Interpretation will vary across endoscopy departments, but scores ≥6 have been associated with a >50% risk of needing an intervention.
Once endoscopy has been performed, this score is typically replaced with the Rockall risk score.
|Known Hepatic Failure||Present|
In any critically unwell patient, an A-E approach should be used to stablise the patient before considering definitive management steps.
Once the patient is stable (or initial resuscitation attempts have proved ineffective and more invasive management for resuscitation is required), an endoscopy should be arranged.
During the OGD, a range of therapeutic options are available, depending on the underlying cause:
- Peptic ulcer disease – requires injections of adrenaline and cauterisation of the bleeding. High dose intravenous PPI therapy should be administered (e.g.

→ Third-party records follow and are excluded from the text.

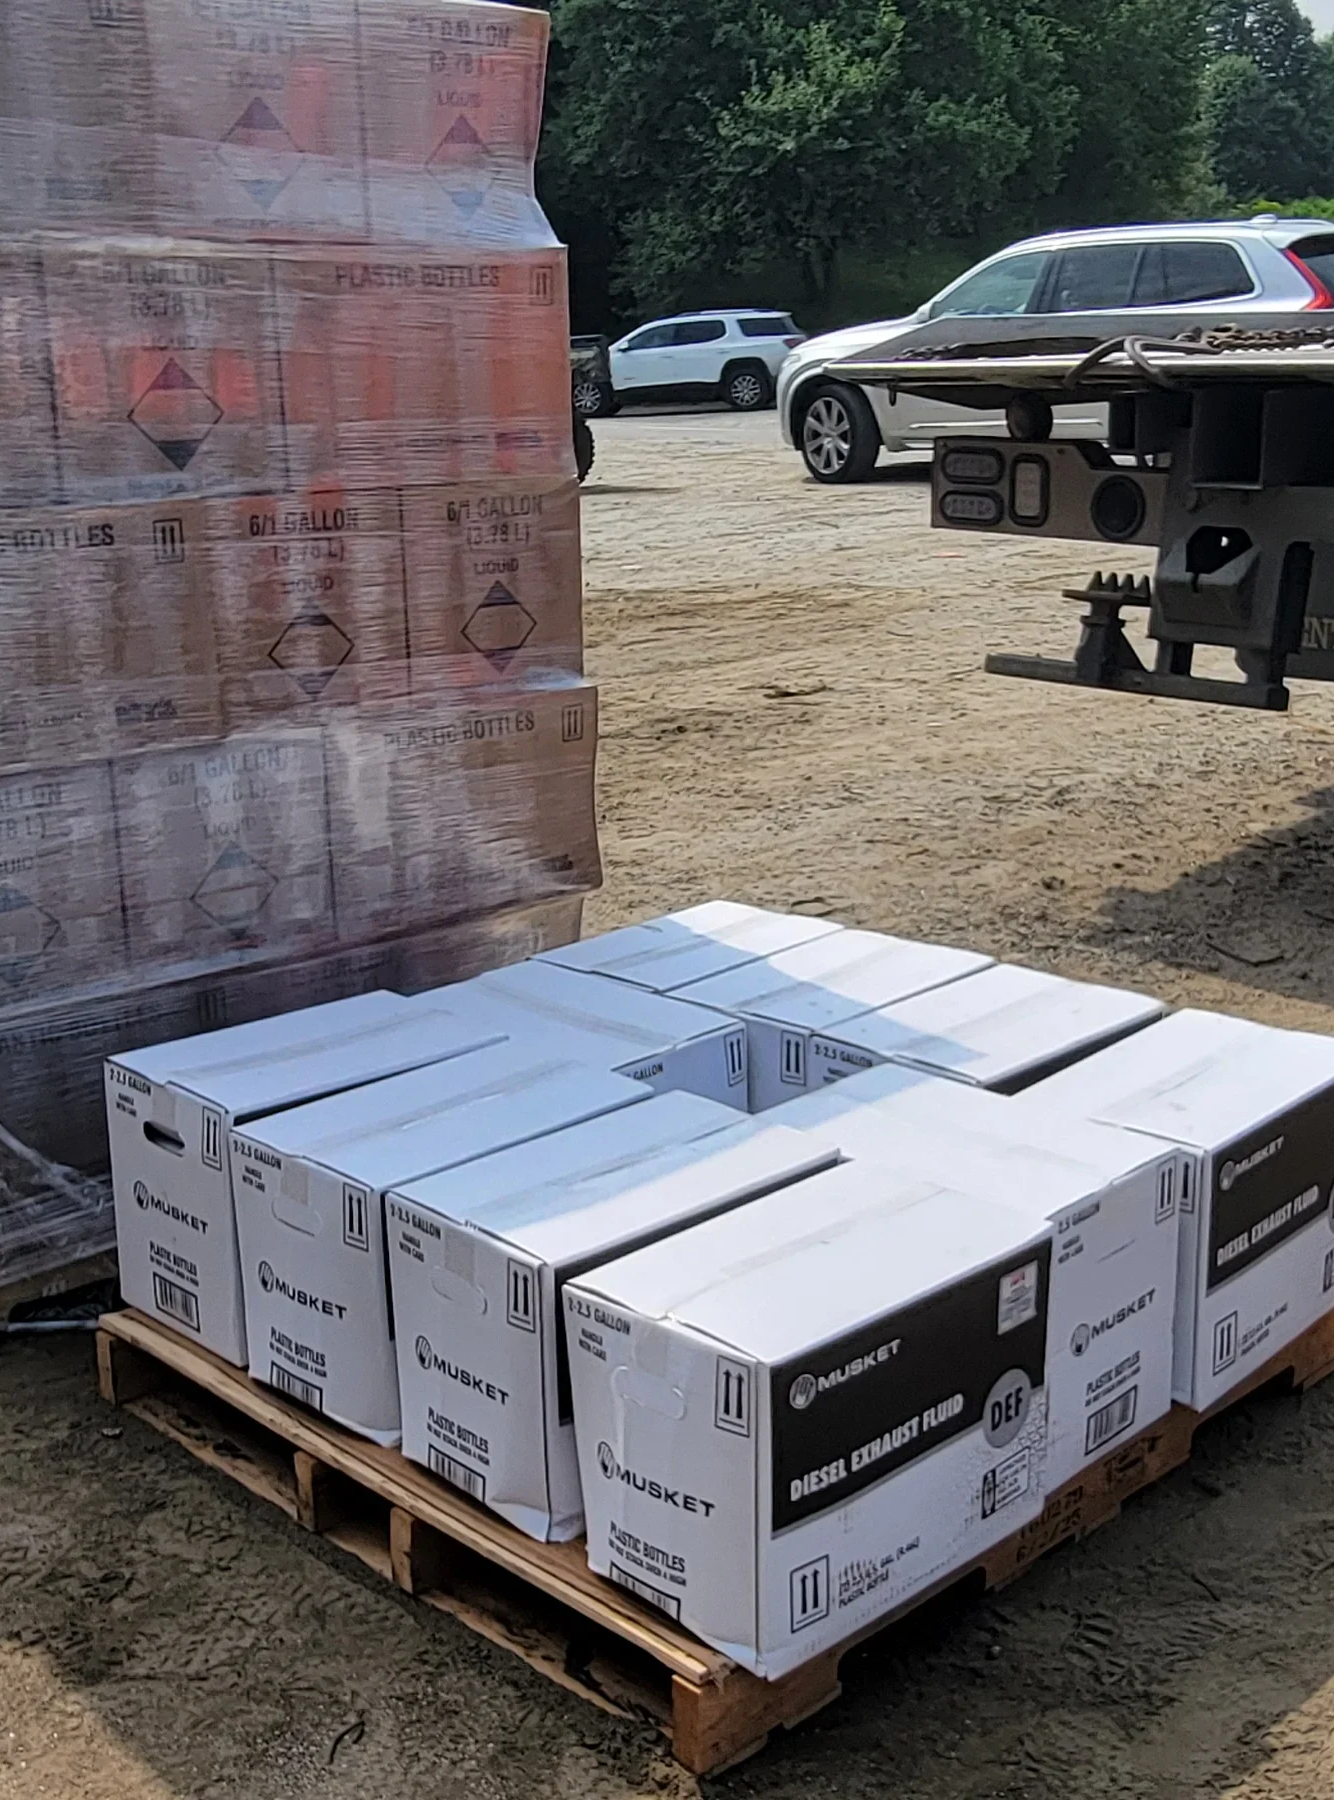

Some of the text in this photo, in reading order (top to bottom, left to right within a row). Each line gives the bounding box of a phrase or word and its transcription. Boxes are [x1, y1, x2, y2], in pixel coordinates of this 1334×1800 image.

[284, 508, 359, 532] GALLON
[478, 494, 543, 519] GALLON
[463, 711, 536, 740] BOTTLES
[128, 1075, 152, 1097] GALLON
[633, 1061, 664, 1080] GALLON
[253, 1147, 282, 1171] GALLON
[150, 1194, 209, 1235] MUSKET
[412, 1213, 441, 1241] GALLON
[1216, 1231, 1250, 1267] DIESEL
[1251, 1201, 1293, 1245] EXHAUST
[274, 1276, 348, 1322] MUSKET
[593, 1307, 632, 1336] GALLON
[1090, 1287, 1156, 1340] MUSKET
[270, 1326, 326, 1368] PLASTIC BOTTLES
[816, 1338, 903, 1394] MUSKET
[432, 1356, 510, 1406] MUSKET
[1085, 1368, 1114, 1396] PLASTIC
[1114, 1349, 1141, 1378] BOTTLES
[428, 1405, 489, 1455] PLASTIC BOTTLES
[989, 1384, 1025, 1433] DEF
[789, 1392, 966, 1503] DIESEL EXHAUST FLUID
[615, 1463, 716, 1519] MUSKET
[610, 1520, 687, 1574] PLASTIC BOTTLES

IV 40mg omeprazole) to control the acidic environment.
- Oesophageal varices – management should be swift and performed at the same time as active resuscitation, including the use of blood products.

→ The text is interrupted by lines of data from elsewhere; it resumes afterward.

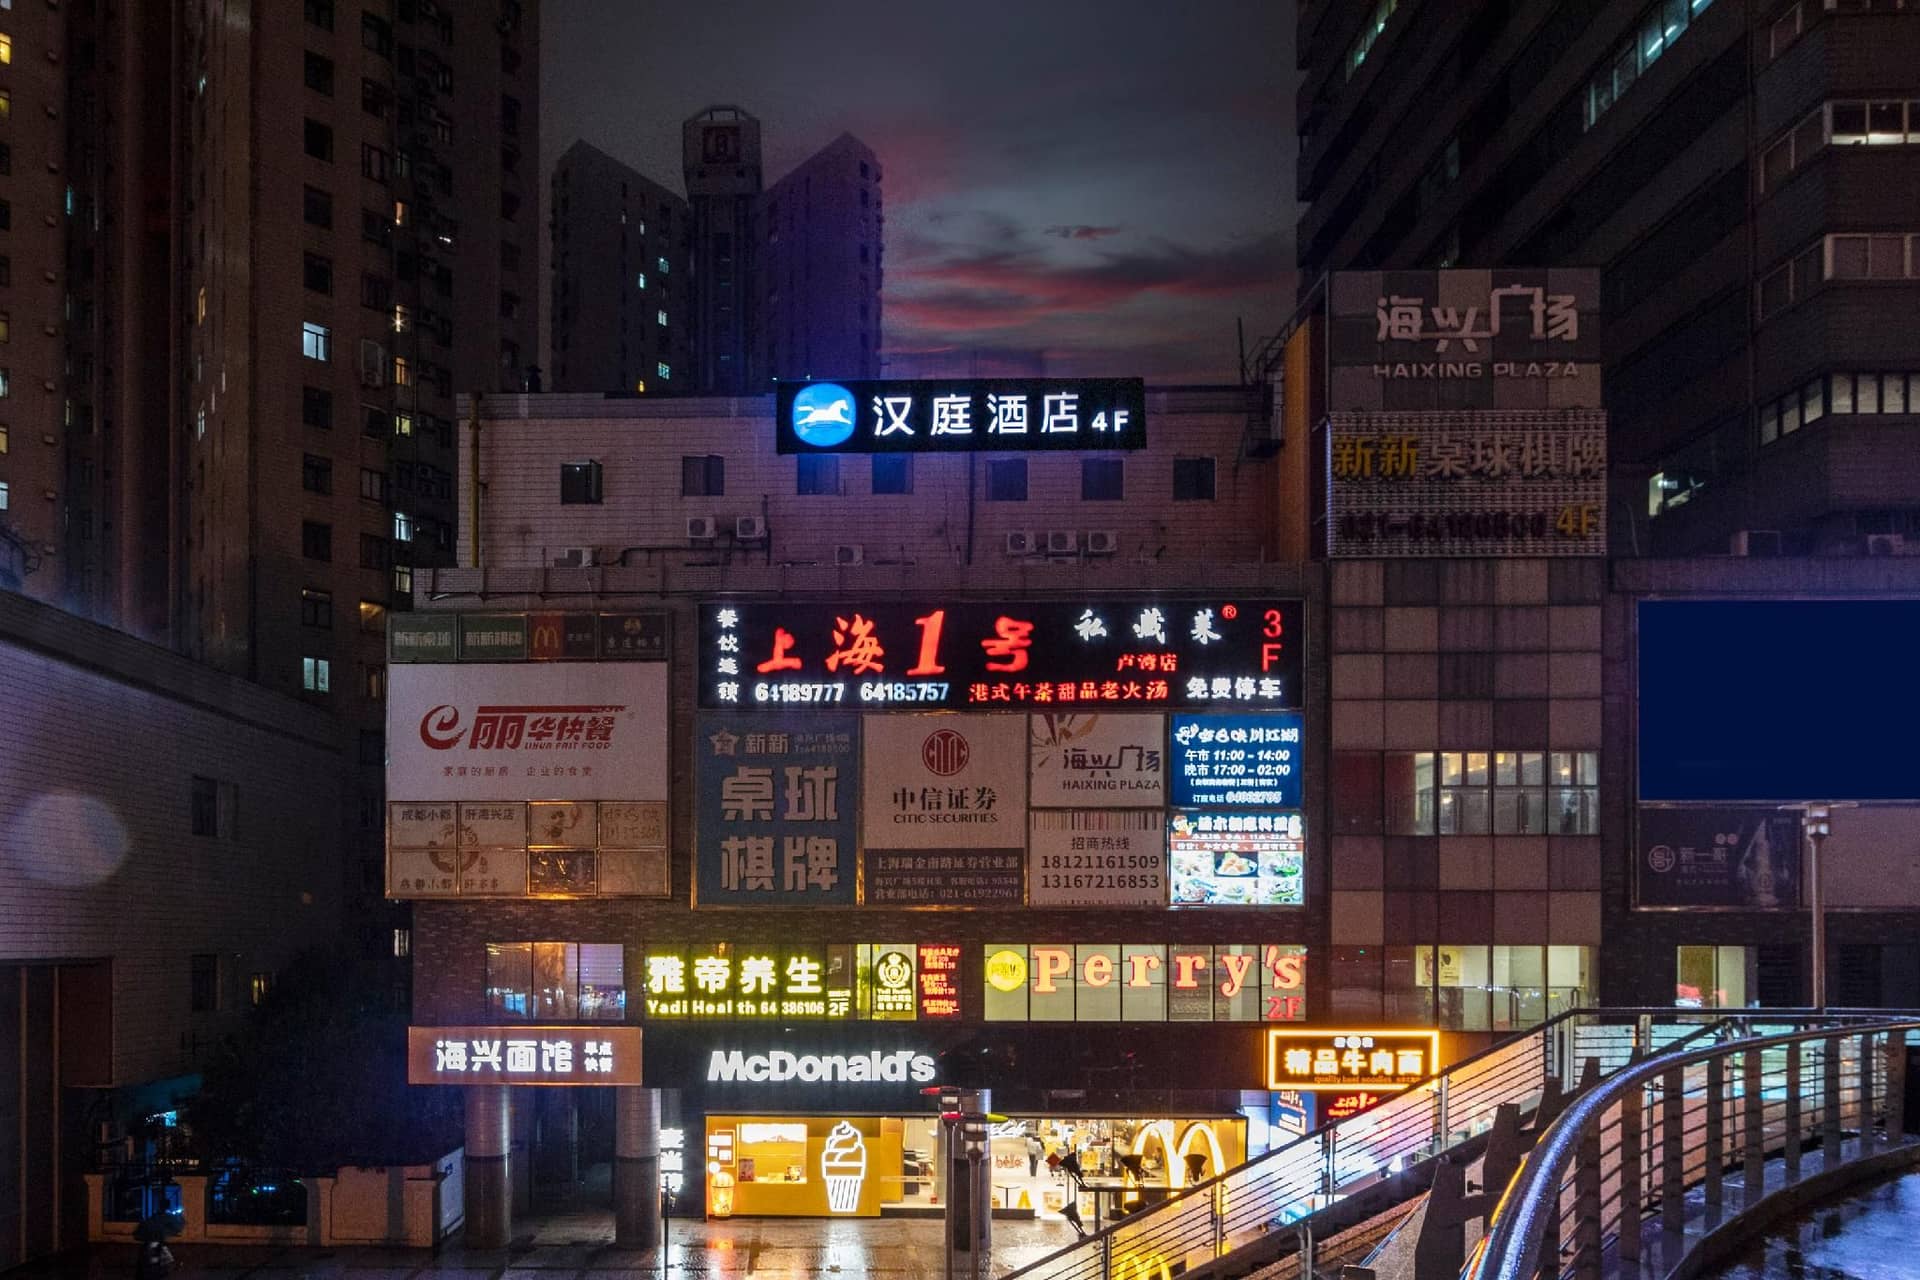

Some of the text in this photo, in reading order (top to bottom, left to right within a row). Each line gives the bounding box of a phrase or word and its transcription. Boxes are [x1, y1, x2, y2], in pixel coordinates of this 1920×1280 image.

[1376, 284, 1578, 352] 海兴广场
[1374, 362, 1579, 378] HAIXING PLAZA
[872, 391, 1129, 436] 汉庭酒店 4F
[1556, 503, 1599, 536] 4F
[756, 610, 1034, 675] 上海1号
[1117, 653, 1178, 673] 卢湾店
[755, 682, 950, 702] 64189777 64185757
[969, 680, 1169, 702] 港式午茶甜品老火汤
[1186, 676, 1282, 700] 免费停车
[468, 705, 627, 750] 丽华快餐
[744, 732, 790, 754] 新新
[1184, 749, 1210, 761] 午市
[1213, 750, 1245, 761] 11:00
[1256, 750, 1290, 761] 14:00
[1063, 745, 1161, 777] 海兴广场
[1184, 763, 1210, 776] 晚市
[1212, 764, 1246, 776] 17:00
[1256, 764, 1291, 776] 02:00
[721, 766, 839, 821] 桌球
[1063, 780, 1161, 790] HAIXING PLAZA
[893, 787, 998, 812] 中信证券
[893, 813, 999, 824] CITIC SECURITIES
[1071, 837, 1130, 850] 招商热线
[721, 835, 839, 892] 棋牌
[1041, 855, 1160, 870] 18121161509
[1041, 875, 1160, 889] 13167216853
[648, 956, 822, 994] 雅帝养生
[1034, 945, 1304, 998] Perry's
[648, 1000, 688, 1014] Yadi
[828, 1001, 849, 1016] 2F
[1266, 996, 1304, 1020] 2F
[436, 1040, 573, 1072] 海兴面馆
[707, 1050, 936, 1082] McDonald's
[1284, 1048, 1424, 1076] 精品牛肉面

- Endoscopic banding is the most definitive method of management but can be technically difficult.
- Prophylactic antibiotic therapy should be initiated, alongside somatostatin analogues (e.g. terlipressin or octreotide), acting to reduce splanchnic blood flow and hence reduce bleeding.
- A Sengstaken-Blakemore tube can be used in severe or uncontrollable cases, inserted to the level of the varices and inflated to compress the bleeding to act as a temporary control.
- Upper GI malignancies – will require biopsies to be taken and a definitive long-term surgical and oncological management to be put in place
Blood transfusions should be given to those with low Hb or ongoing significant blood loss. Correct any deranged coagulation as appropriate, such as use of appropriate reversal agents if the patient is on any anti-coagulants or use of FFP for impaired liver function.